Now, a great many fellows think that having a rich uncle is a pretty soft snap; but, according to Corky, such is not the case. Corky’s uncle was a robust sort of cove, who looked like living for ever. He was fifty-one, and it seemed as if he might go to par. It was not this, however, that distressed poor Corky, for he was not bigoted and had no objection to the man going on living. What Corky kicked at was the way the above Worple used to harry him.
Corky’s uncle, you see, didn’t want him to be an artist. He didn’t think he had any talent in that direction. He was always urging him to chuck Art and go into the jute business and start at the bottom and work his way up. And what Corky said was that, while he didn’t know what they did at the bottom of a jute business, instinct told him that it was something too beastly for words. Corky, moreover, believed in his future as an artist. Some day, he said, he was going to make a hit. Meanwhile, by using the utmost tact and persuasiveness, he was inducing his uncle to cough up very grudgingly a small quarterly allowance.
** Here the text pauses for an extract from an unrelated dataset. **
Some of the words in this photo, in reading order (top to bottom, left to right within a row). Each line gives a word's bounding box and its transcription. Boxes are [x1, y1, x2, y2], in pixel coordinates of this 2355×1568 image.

He wouldn’t have got this if his uncle hadn’t had a hobby. Mr Worple was peculiar in this respect. As a rule, from what I’ve observed, the American captain of industry doesn’t do anything out of business hours. When he has put the cat out and locked up the office for the night, he just relapses into a state of coma from which he emerges only to start being a captain of industry again. But Mr Worple in his spare time was what is known as an ornithologist. He had written a book called American Birds, and was writing another, to be called More American Birds. When he had finished that, the presumption was that he would begin a third, and keep on till the supply of American birds gave out. Corky used to go to him about once every three months and let him talk about American birds. Apparently you could do what you liked with old Worple if you gave him his head first on his pet subject, so these little chats used to make Corky’s allowance all right for the time being. But it was pretty rotten for the poor chap. There was the frightful suspense, you see, and, apart from that, birds, except when broiled and in the society of a cold bottle, bored him stiff.
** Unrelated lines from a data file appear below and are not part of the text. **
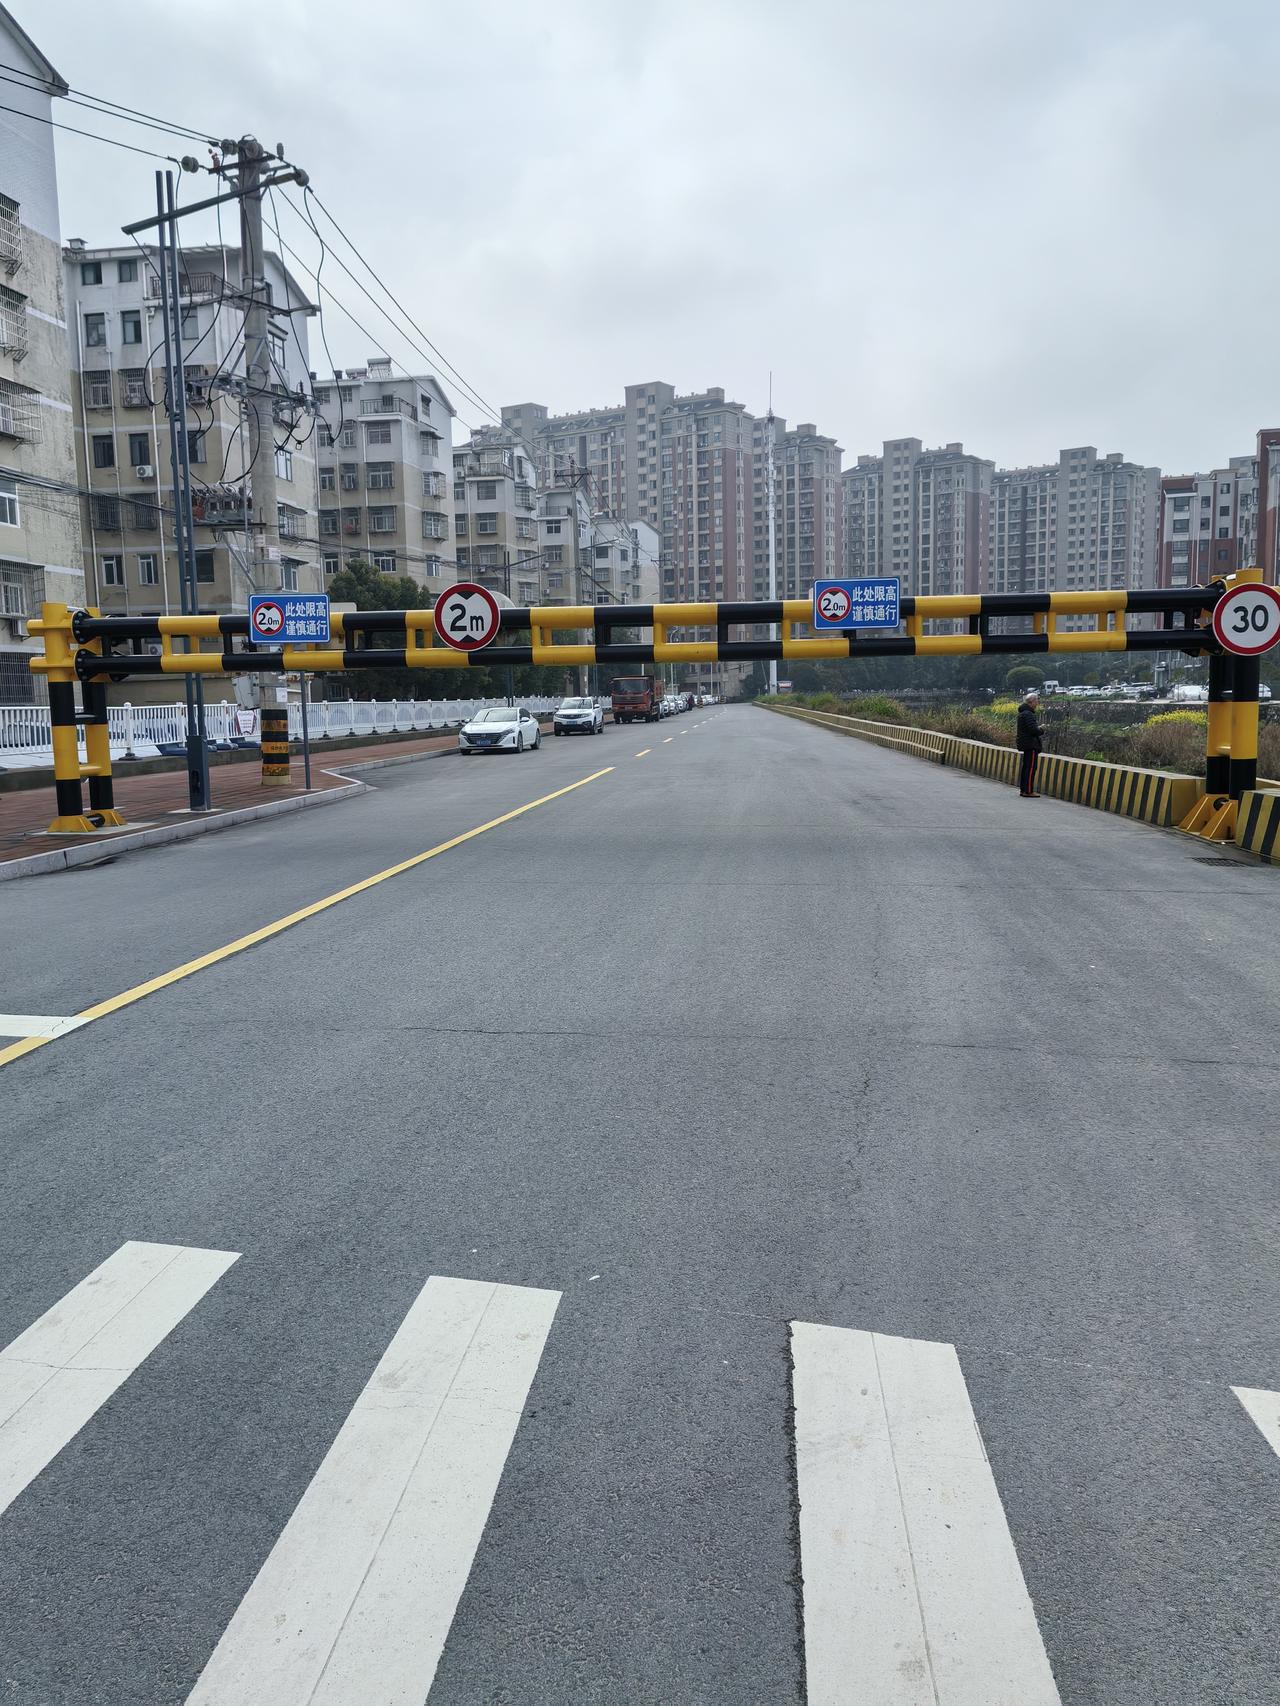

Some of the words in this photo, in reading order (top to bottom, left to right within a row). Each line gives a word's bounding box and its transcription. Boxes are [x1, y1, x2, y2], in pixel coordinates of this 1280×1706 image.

[852, 585, 897, 602] 此处限高
[285, 601, 327, 617] 此处限高
[822, 597, 846, 612] 2.0m
[258, 612, 280, 626] 2.0m
[449, 603, 485, 632] 2m
[852, 605, 897, 622] 谨慎通行
[1231, 604, 1270, 634] 30
[285, 620, 327, 636] 谨慎通行
To complete the character-study of Mr Worple, he was a man of extremely uncertain temper, and his general tendency was to think that Corky was a poor chump and that whatever step he took in any direction on his own account was just another proof of his innate idiocy. I should imagine Jeeves feels very much the same about me.
So when Corky trickled into my apartment one afternoon, shooing a girl in front of him, and said, ‘Bertie, I want you to meet my fiancée, Miss Singer,’ the aspect of the matter which hit me first was precisely the one which he had come to consult me about. The very first words I spoke were, ‘Corky, how about your uncle?’
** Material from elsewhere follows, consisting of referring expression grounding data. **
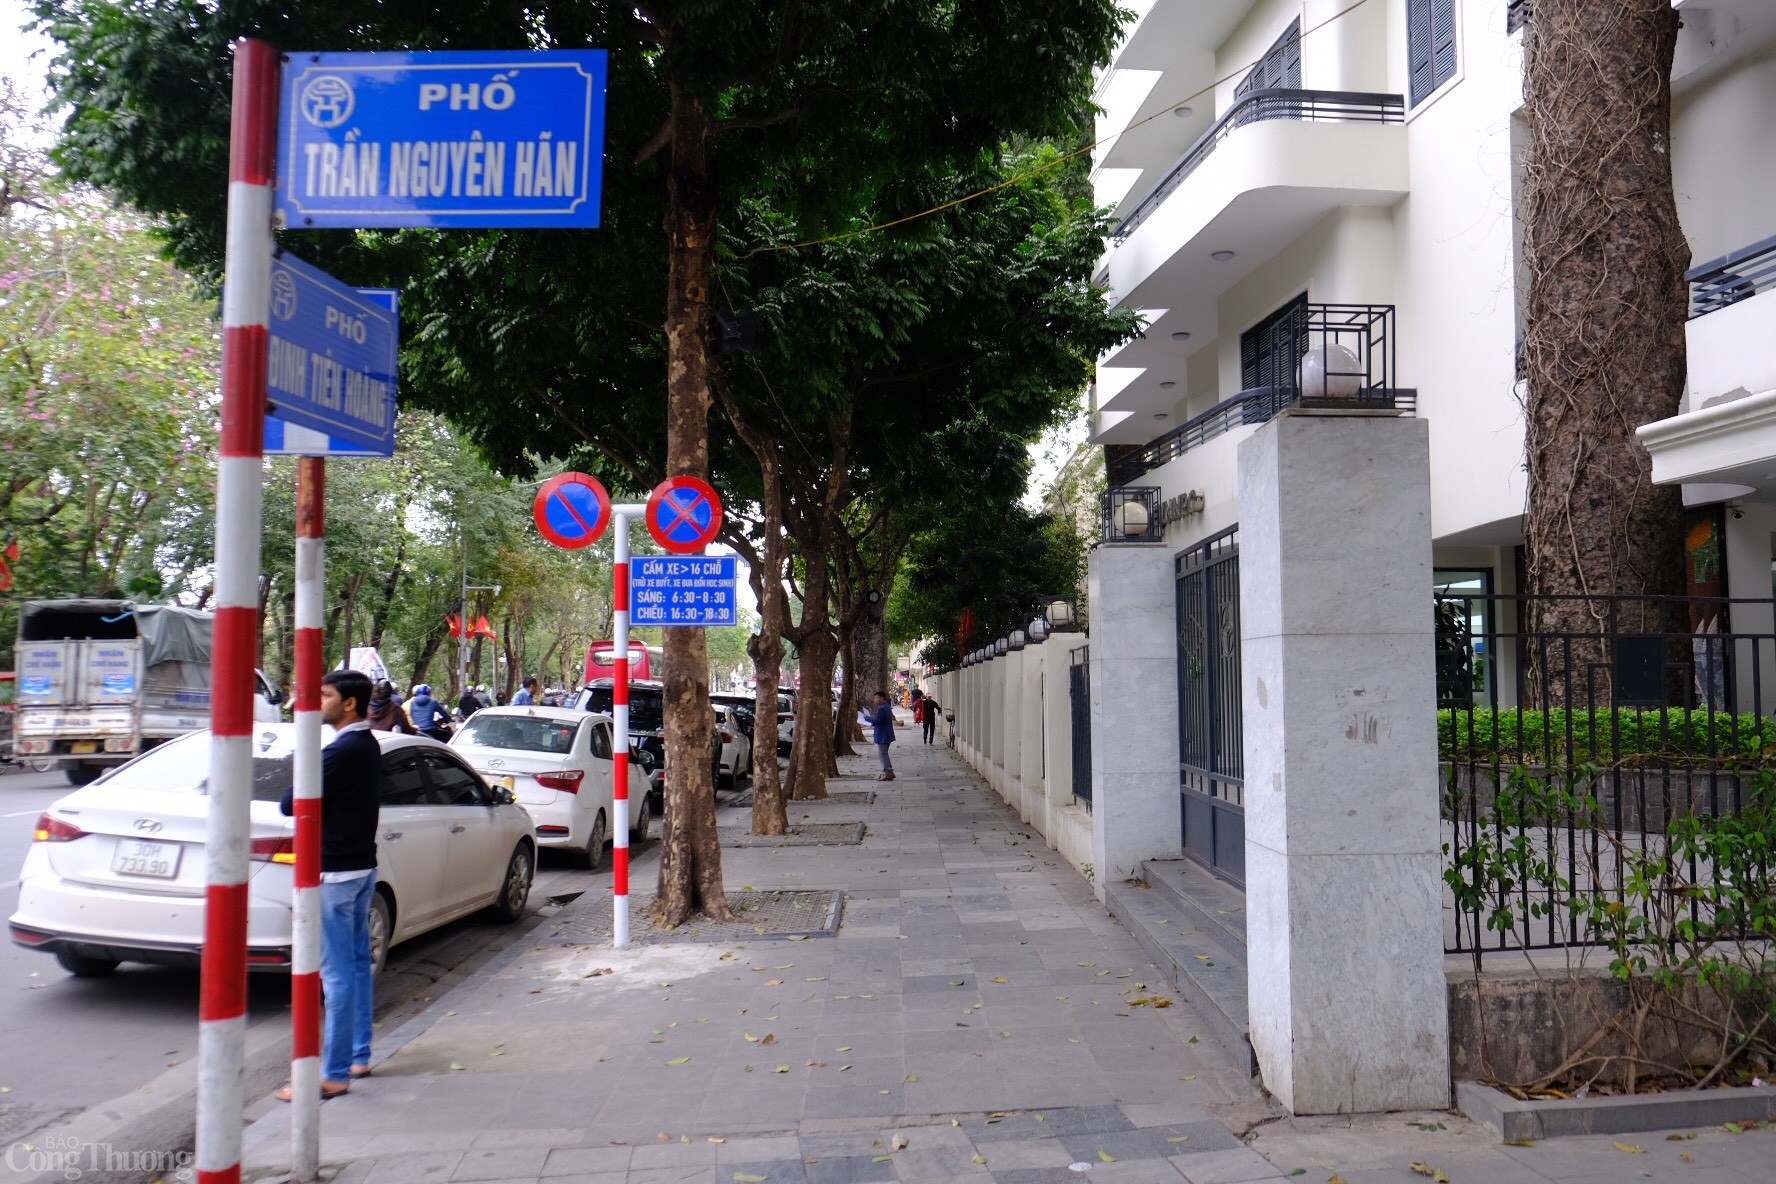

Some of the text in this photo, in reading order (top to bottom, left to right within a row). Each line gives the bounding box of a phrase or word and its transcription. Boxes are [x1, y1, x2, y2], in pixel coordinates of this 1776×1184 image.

[418, 70, 520, 111] PHỐ
[304, 127, 577, 197] TRẦN NGUYÊN HÃN
[325, 305, 367, 344] PHỐ
[268, 334, 308, 398] ĐINH
[311, 348, 344, 411] TIÊN
[643, 559, 664, 575] CẤM
[703, 559, 722, 575] CHỖ
[647, 579, 655, 587] XE
[673, 579, 680, 587] XE
[637, 589, 666, 603] SÁNG:
[637, 604, 667, 620] CHIỀU:
[134, 842, 161, 857] 30H
[119, 856, 169, 875] 733.90
The poor chap gave one of those mirthless laughs. He was looking anxious and worried, like a man who has done the murder all right but can’t think what the deuce to do with the body.
‘We’re so scared, Mr Wooster,’ said the girl. ‘We were hoping that you might suggest a way of breaking it to him.’
Muriel Singer was one of those very quiet, appealing girls who have a way of looking at you with their big eyes as if they thought you were the greatest thing on earth and wondered that you hadn’t got on to it yet yourself. She sat there in a sort of shrinking way, looking at me as if she were saying to herself, ‘Oh, I do hope this great strong man isn’t going to hurt me.’ She gave a fellow a protective kind of feeling, made him want to stroke her hand and say, ‘There, there, little one!’ or words to that effect. She made me feel that there was nothing I wouldn’t do for her. She was rather like one of those innocent-tasting American drinks which creep imperceptibly into your system so that, before you know what you’re doing, you’re starting out to reform the world by force if necessary and pausing on your way to tell the large man in the corner that, if he looks at you like that, you will knock his head off. What I mean is, she made me feel alert and dashing, like a knight-errant or something of that kind. I felt that I was with her in this thing to the limit.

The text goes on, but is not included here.